We live with these realities of human nature now and the world has not fallen apart. This reveals the lie that undergirds the opposition to equality. For we are back to artifacts of medieval and feudalistic thought. The fear of empowering women is the fear of paternity and the presumption of male authority, but only certain males and certain authority. There are women all too willing to bolster this thinking at the expense of other women to gain advantage. Even our language is tilted toward demeaning terminology of women that have no equivalents when referring to men.
Here in Florida, we can see the new scary stories spread at the state governmental level regarding gay and transgender students and parents: the alleged horrors of gender-neutral bathrooms and women’s sports. One must ask oneself two questions when addressing these concerns, since they seem to resonate with the public: how likely is the worst case put forth to occur? And, even if true, would you give up your constitutional liberties in exchange for a sign on a public bathroom and the sexual designation of a competitive sport?
The third front to open against the opponents of equality is on the social and religious level. This will place abortion—which has been used as the main issue to undermine women’s rights—in its proper moral, ethical, and historical position. This removes the popular lexicon of these merely being “values issues” rather than a fundamental issue of equality and liberty.
The first step is to challenge the fundamentalist assertion of abortion.
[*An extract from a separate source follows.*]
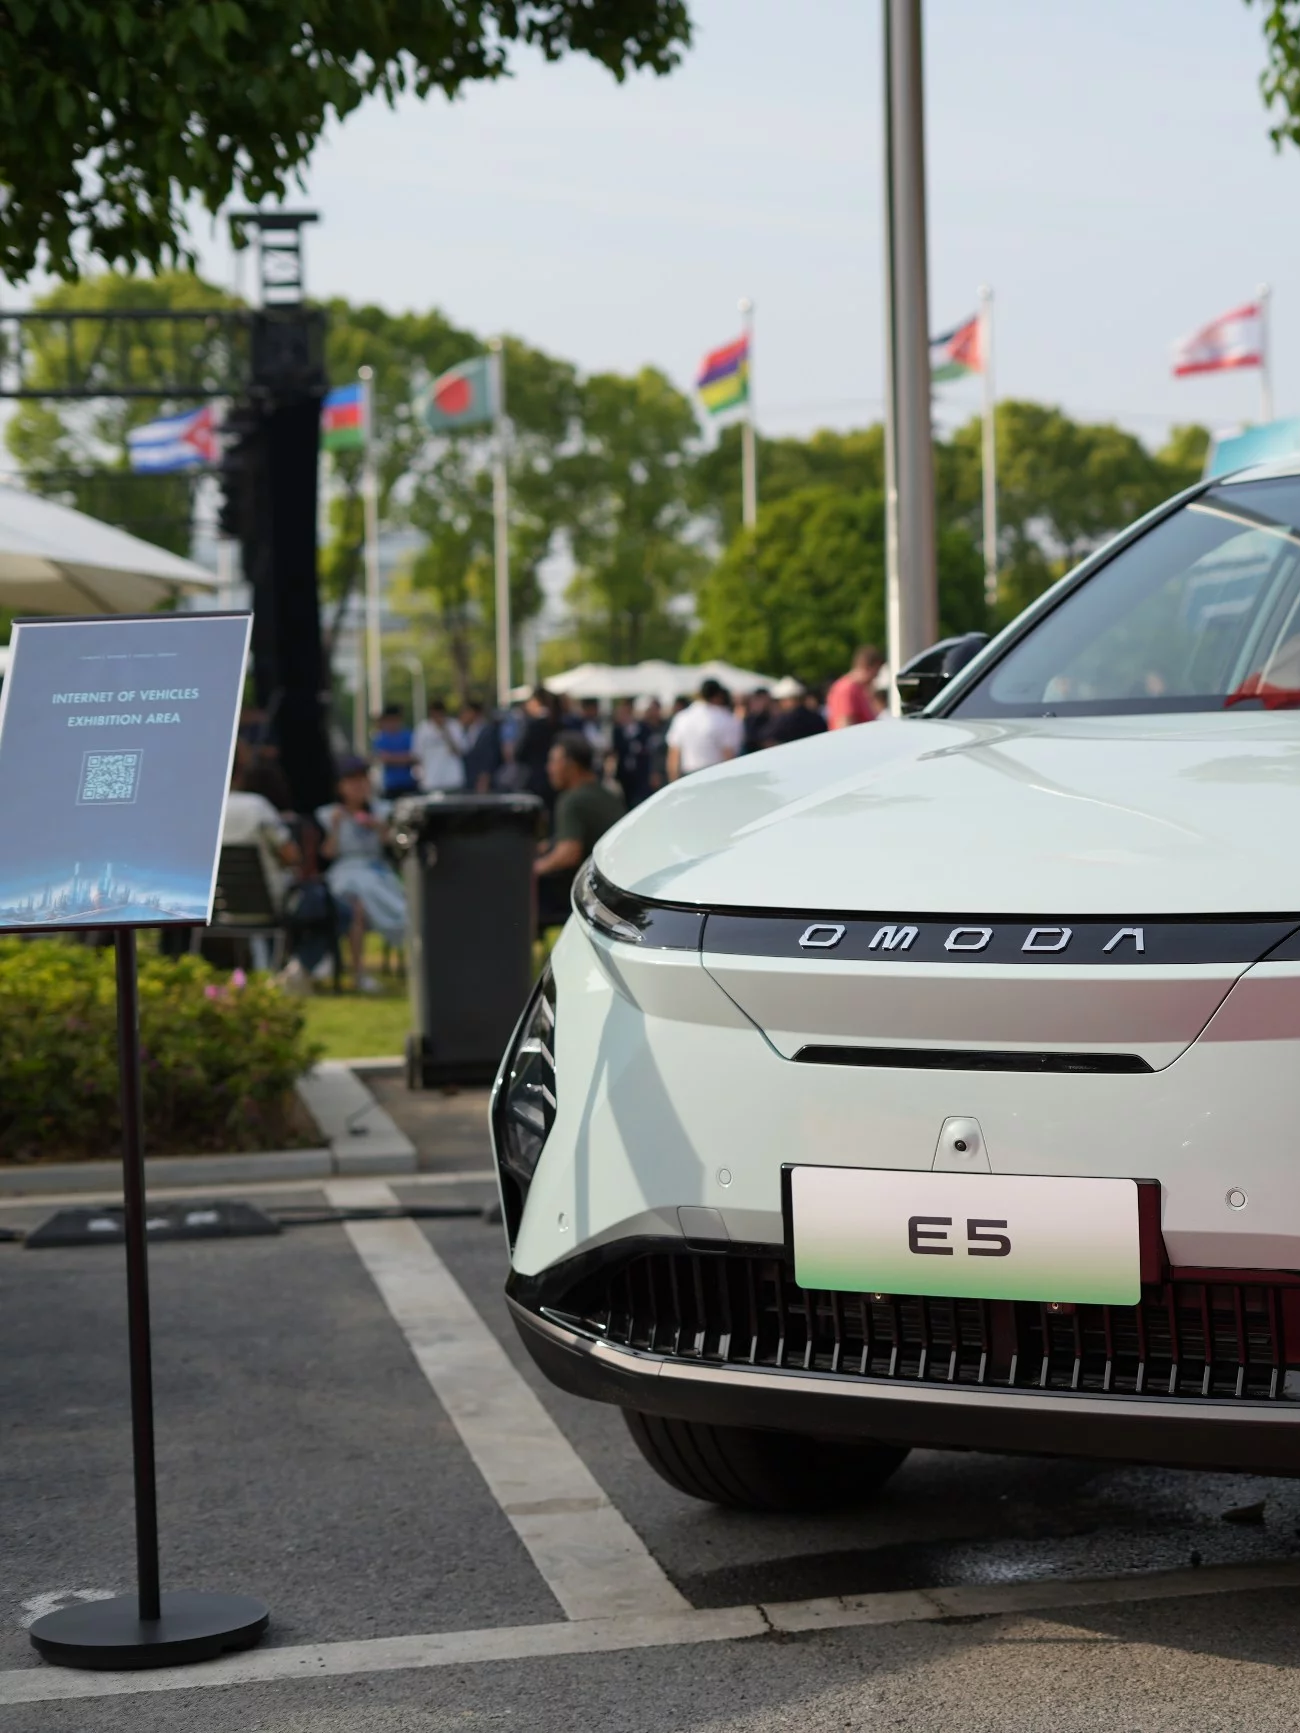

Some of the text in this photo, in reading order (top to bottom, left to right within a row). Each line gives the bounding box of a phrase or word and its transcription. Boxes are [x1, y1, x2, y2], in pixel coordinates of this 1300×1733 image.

[52, 688, 199, 704] INTERNET OF VEHICLES
[67, 713, 181, 727] EXHIBITION AREA
[798, 923, 1146, 953] OMODA
[907, 1215, 1012, 1257] E5
As the historian Garry Wills, who also happens to be a Catholic, has noted, it was not until 1930—in the face of modern medicine—that Pope Pius XI issued the encyclical Casti Connubii to forbid all ways to prevent procreation. This undermines Alito’s entire argument of a moral issue.
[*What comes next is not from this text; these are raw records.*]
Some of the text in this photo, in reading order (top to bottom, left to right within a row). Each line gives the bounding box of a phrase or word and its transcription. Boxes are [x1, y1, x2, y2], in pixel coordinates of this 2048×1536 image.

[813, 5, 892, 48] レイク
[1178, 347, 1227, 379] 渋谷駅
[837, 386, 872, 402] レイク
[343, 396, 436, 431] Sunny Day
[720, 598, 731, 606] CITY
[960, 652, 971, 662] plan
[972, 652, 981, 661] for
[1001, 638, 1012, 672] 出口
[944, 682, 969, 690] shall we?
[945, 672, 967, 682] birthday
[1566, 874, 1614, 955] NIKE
No major Roman Catholic theologian prior to the 1930 encyclical: not Dante, not Matthew, Mark, Luke, Paul, or even John that old misogynist; not St. Augustine nor St. Thomas Aquinas found a biblical prohibition against abortion. The latest argument since the encyclical is that it is an issue of natural law. But no major proponent of natural law considers a fetus to be a person independent of the mother. Only fanatics claim that a human person begins at “conception,” ignoring that about half of such fertilizations fail, making God the Chief Abortionist.
Such assertions of fetal personhood also fail medical and scientific scrutiny because a fetus before viability outside of the womb is still only a grouping of cells fully dependent on and part of the mother, just like any other cells, especially given the developing modern science of in vitro fertilization and cloning. A miscarriage in the Catholic Church is not prescribed to be baptized, given last rites, nor buried in consecrated ground. Alito and Barrett’s opinions on this topic are the most extreme among others of their faith, which seems to have infected their dishonest foray into secular jurisprudence.
Armed with these facts, we must align with traditional and universalist faiths, and with secular ethicists, that do not agree with the fundamentalist view on abortion. This includes the majority of Catholics, Jews, Buddhists, Muslims, Hindus, Unitarians, African-American Protestant sects, and mainline Protestant faiths.
At the end of the day, the question comes down to the fact that a woman is an equal, autonomous person under the law. We do not have to have the answers to everything else follows, just as the founders of the nation and the framers of the Constitution allowed that they could not. We simply need to enshrine this one core right which is under attack, and do the hard work to make it impossible to deny.